Champ Clark (James Beauchamp Clark)

Champ Clark

Champ Clark was elected to the United States House of Representatives in 1892. After a surprise loss in 1894 to William M. Treloar, he regained the seat in 1896, and remained in the House until his death, the day before he was to leave office. Clark ran for House Minority Leader in 1903 but was defeated by John Sharp Williams of Mississippi. After Williams ran for the Senate in 1908, Clark ran again for the position and won. When the Democrats won control of the House in 1911, Clark became Speaker. In 1911, Clark gave a speech that helped to decide the election in Canada. On the floor of the House, Clark argued for the recent Canadian–American Reciprocity Treaty and declared: “I look forward to the time when the American flag will fly over every square foot of British North America up to the North Pole.” Champ Clark went on to suggest in his speech that the treaty was the first step towards the end of Canada, a speech that was greeted with “prolonged applause” according to the Congressional Record. The Washington Post reported, “Evidently, then, the Democrats generally approved of Mr. Clark’s annexation sentiments and voted for the reciprocity bill because, among other things, it improves the prospect of annexation.” The Chicago Tribunal condemned Clark in an editorial, predicting that Clark’s speech might have fatally damaged the treaty in Canada; “He lets his imagination run wild like a Missouri mule on a rampage. Remarks about the absorption of one country by another grate harshly on the ears of the smaller.” The Conservative Party of Canada, which opposed the treaty, won the Canadian election in large part because of Clark’s speech.

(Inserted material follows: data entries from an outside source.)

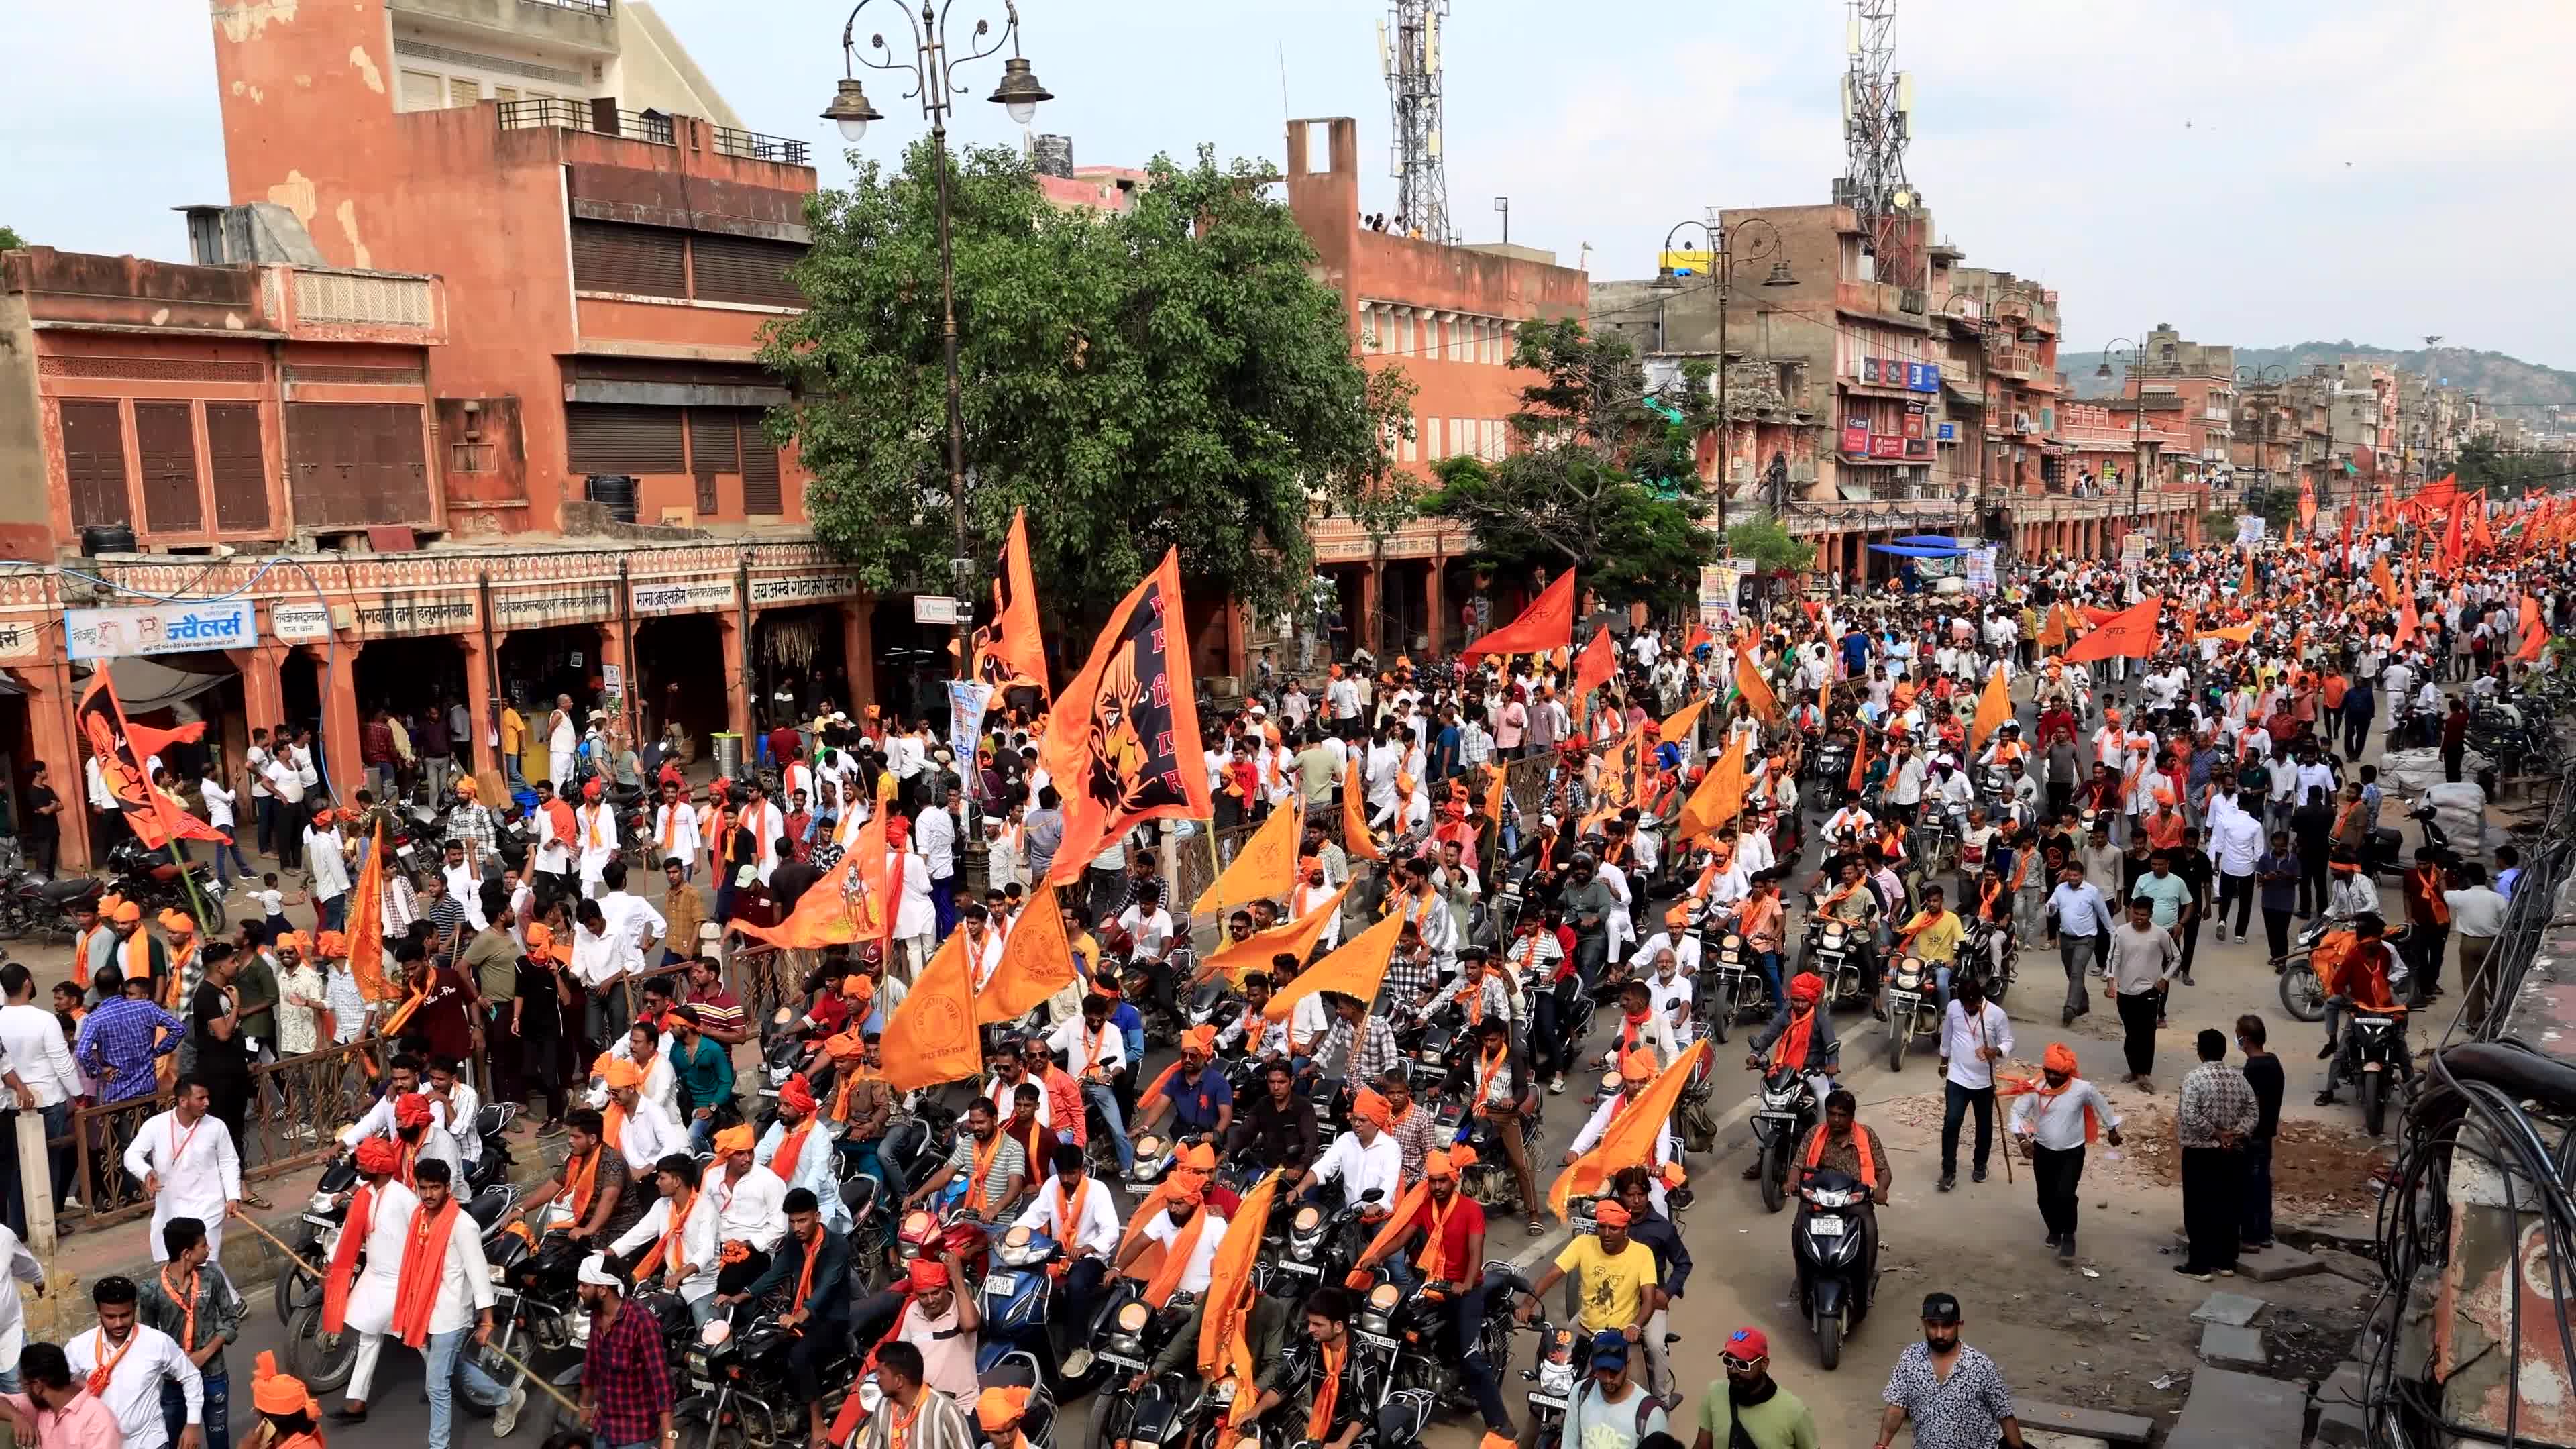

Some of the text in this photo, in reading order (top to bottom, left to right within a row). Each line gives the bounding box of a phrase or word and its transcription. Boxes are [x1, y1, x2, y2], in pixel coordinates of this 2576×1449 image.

[2041, 446, 2061, 455] HOTEL
[753, 583, 767, 600] जय
[166, 611, 241, 641] ज्वैलर्स
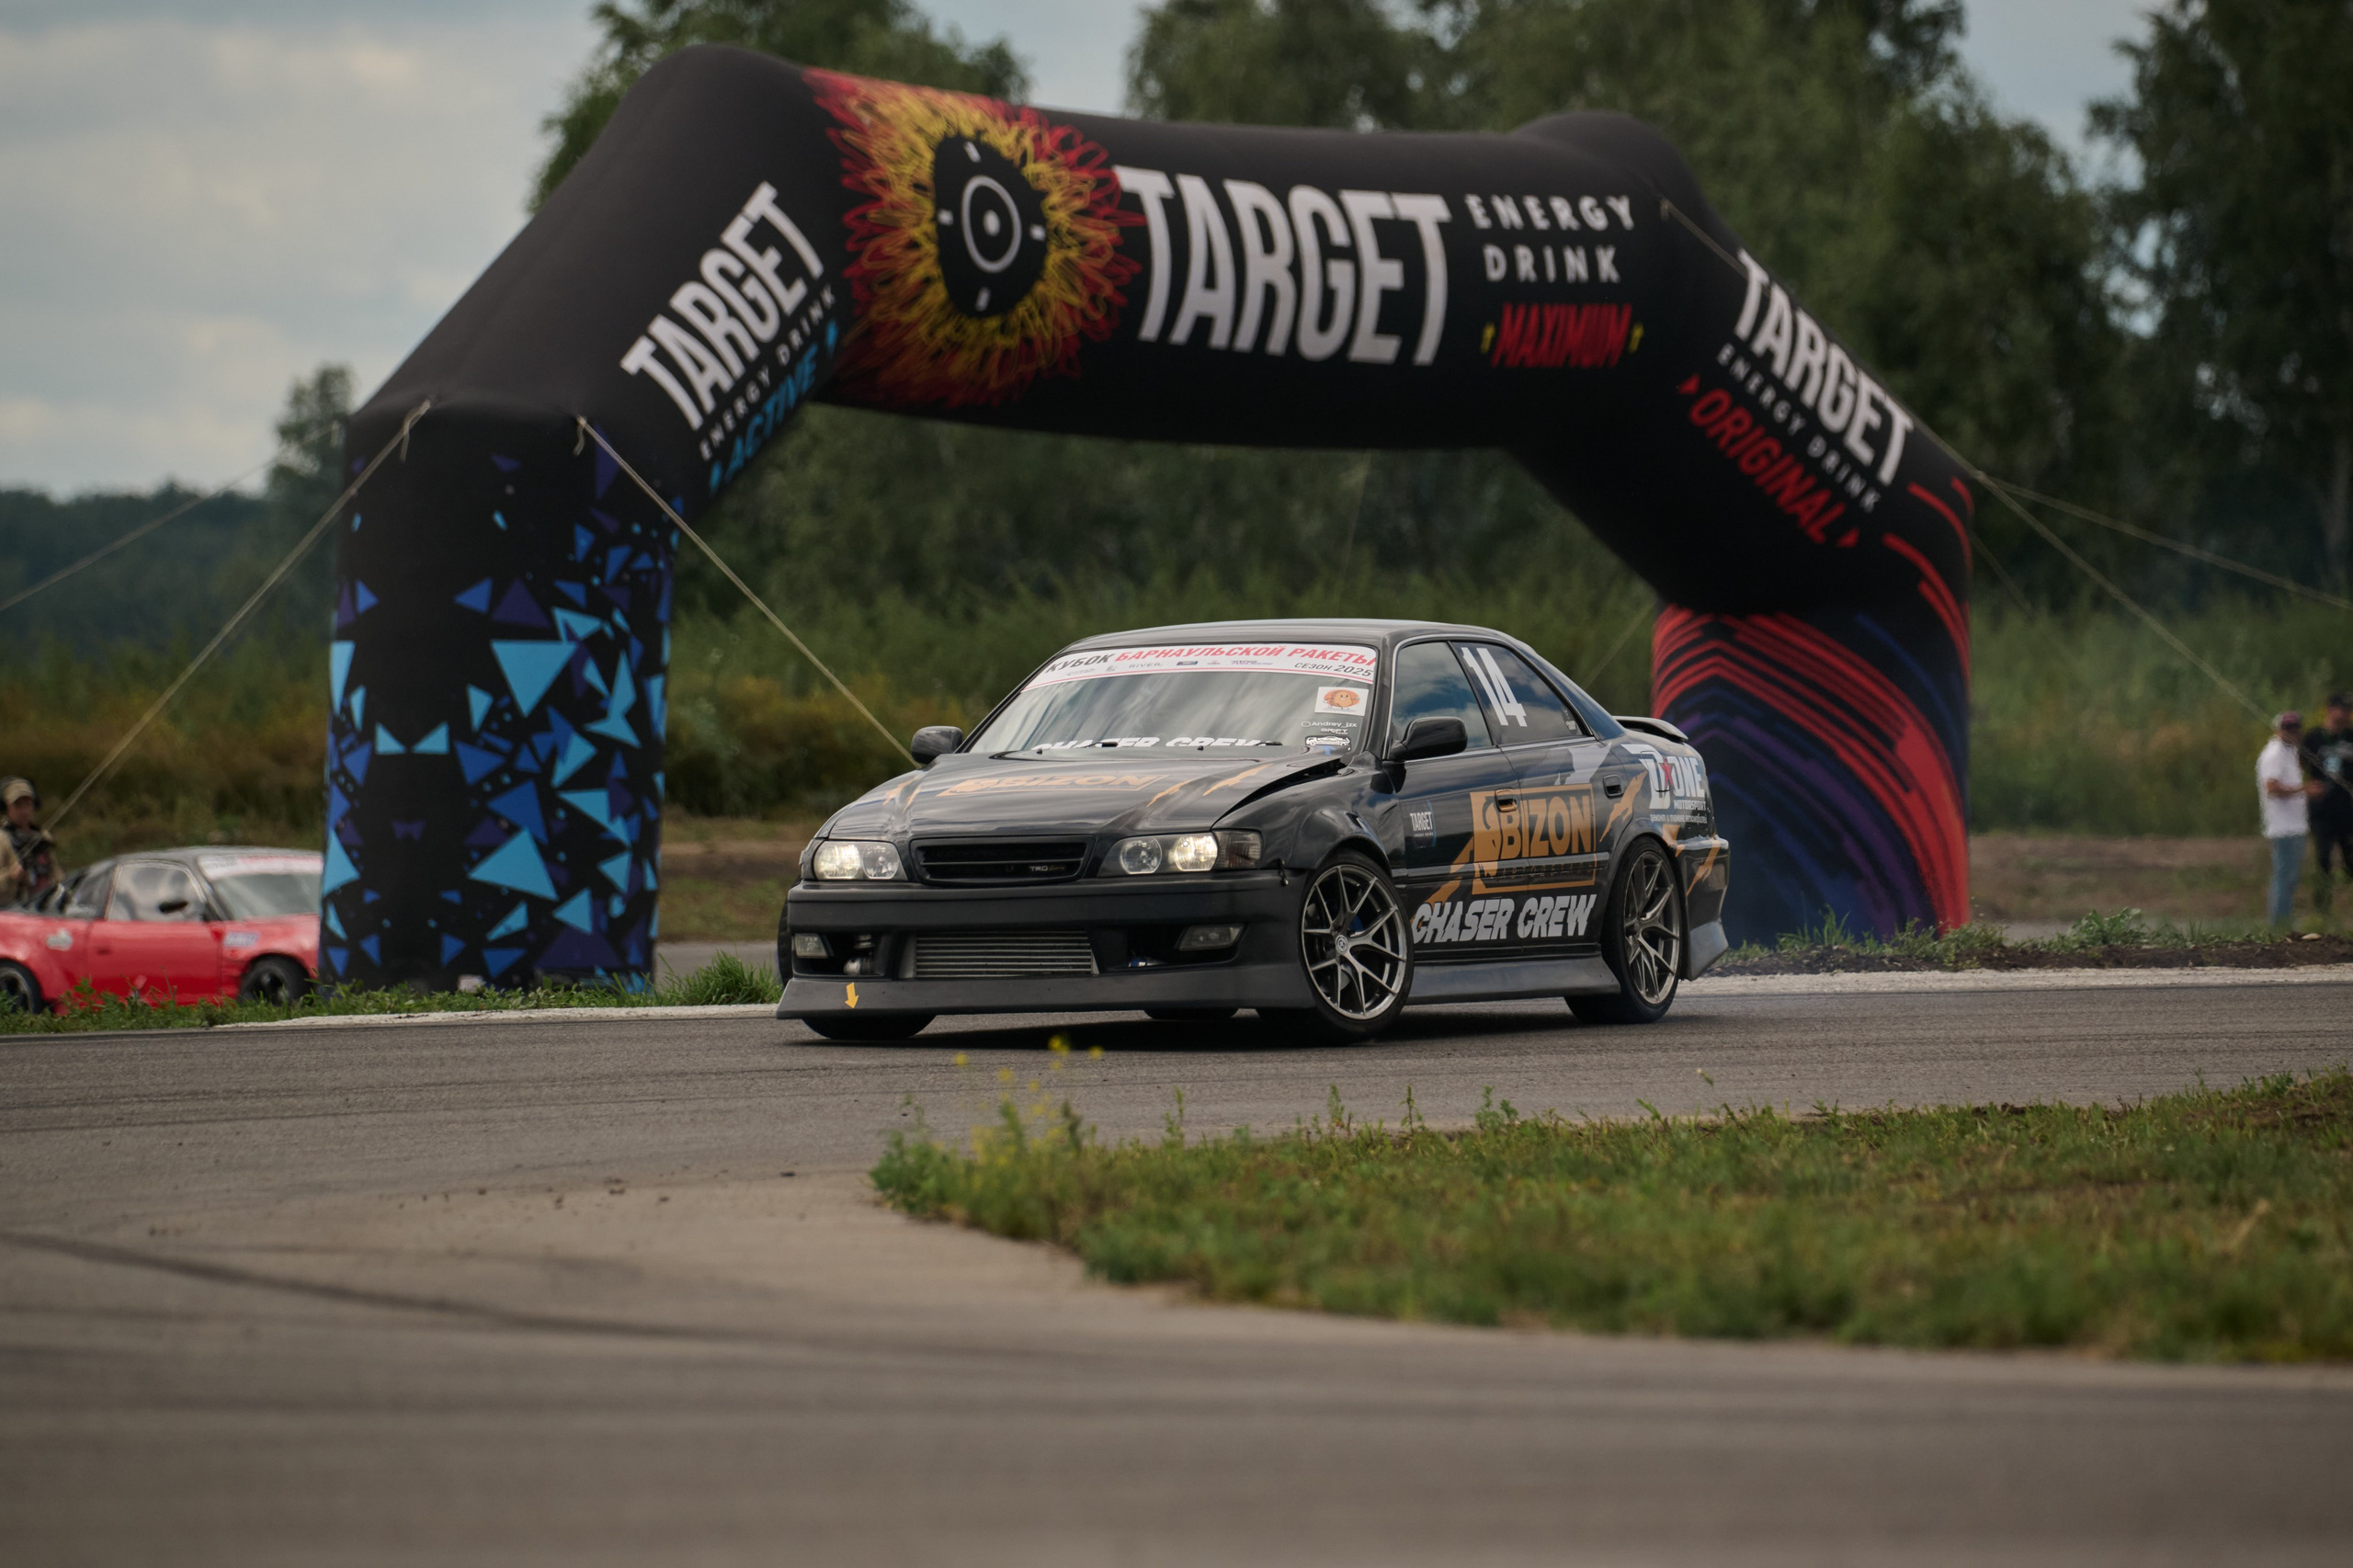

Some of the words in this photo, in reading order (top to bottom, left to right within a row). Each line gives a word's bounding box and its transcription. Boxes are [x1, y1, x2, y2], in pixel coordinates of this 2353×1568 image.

[1464, 194, 1635, 231] ENERGY
[1112, 165, 1452, 366] TARGET
[1482, 244, 1621, 284] DRINK
[620, 181, 824, 430] TARGET
[1490, 301, 1632, 369] MAXIMUM
[699, 365, 770, 460] ENERGY
[775, 284, 835, 367] DRINK
[1734, 247, 1914, 487] TARGET
[1716, 343, 1807, 437] ENERGY
[1806, 434, 1881, 513] DRINK
[1688, 388, 1846, 544] ORIGINAL
[1045, 653, 1115, 674] КУБОК
[1114, 645, 1287, 662] БАРНАУЛЬСКОЙ
[1287, 648, 1376, 666] РАКЕТЫ
[1294, 662, 1333, 671] СЕЗОН
[1334, 665, 1374, 676] 2025
[1460, 647, 1528, 727] 14
[1409, 811, 1433, 831] TARGET
[1499, 795, 1591, 859] BIZON
[1674, 799, 1707, 811] MOTORSPORT
[1410, 898, 1515, 945] CHASER
[1518, 894, 1597, 939] CREW

In 1912, Champ Clark was the frontrunner for the Democratic presidential nomination, coming into the convention with a majority of delegates pledged to him, but he failed to receive the necessary two-thirds of the vote on the first several ballots. After lengthy negotiation, clever management by supporters of New Jersey Governor Woodrow Wilson, with widespread allegations of influence by special interests, delivered the nomination instead to Wilson. Clark’s Speakership was notable for two things. Clark’s skill from 1910 to 1914 in maintaining party unity to block William Howard Taft’s legislation and then pass Wilson’s. Also, Clark split the party in 1917 and 1918, when he opposed Wilson’s decision to bring the United States into World War I. In addition, Clark opposed the Federal Reserve Act, which concentrated financial power in the hands of eastern banks (mostly centered in New York City). Clark’s opposition to the Federal Reserve Act is said to be the reason that Missouri is the only state granted two Federal Reserve Banks (one in St. Louis and one in Kansas City). Clark was defeated in the Republican landslide of 1920 and died shortly thereafter in his home in Washington, DC. Champ Clark is the namesake of the small community of Champ, Audrain County, Missouri. The former Clark National Forest likewise was named after him.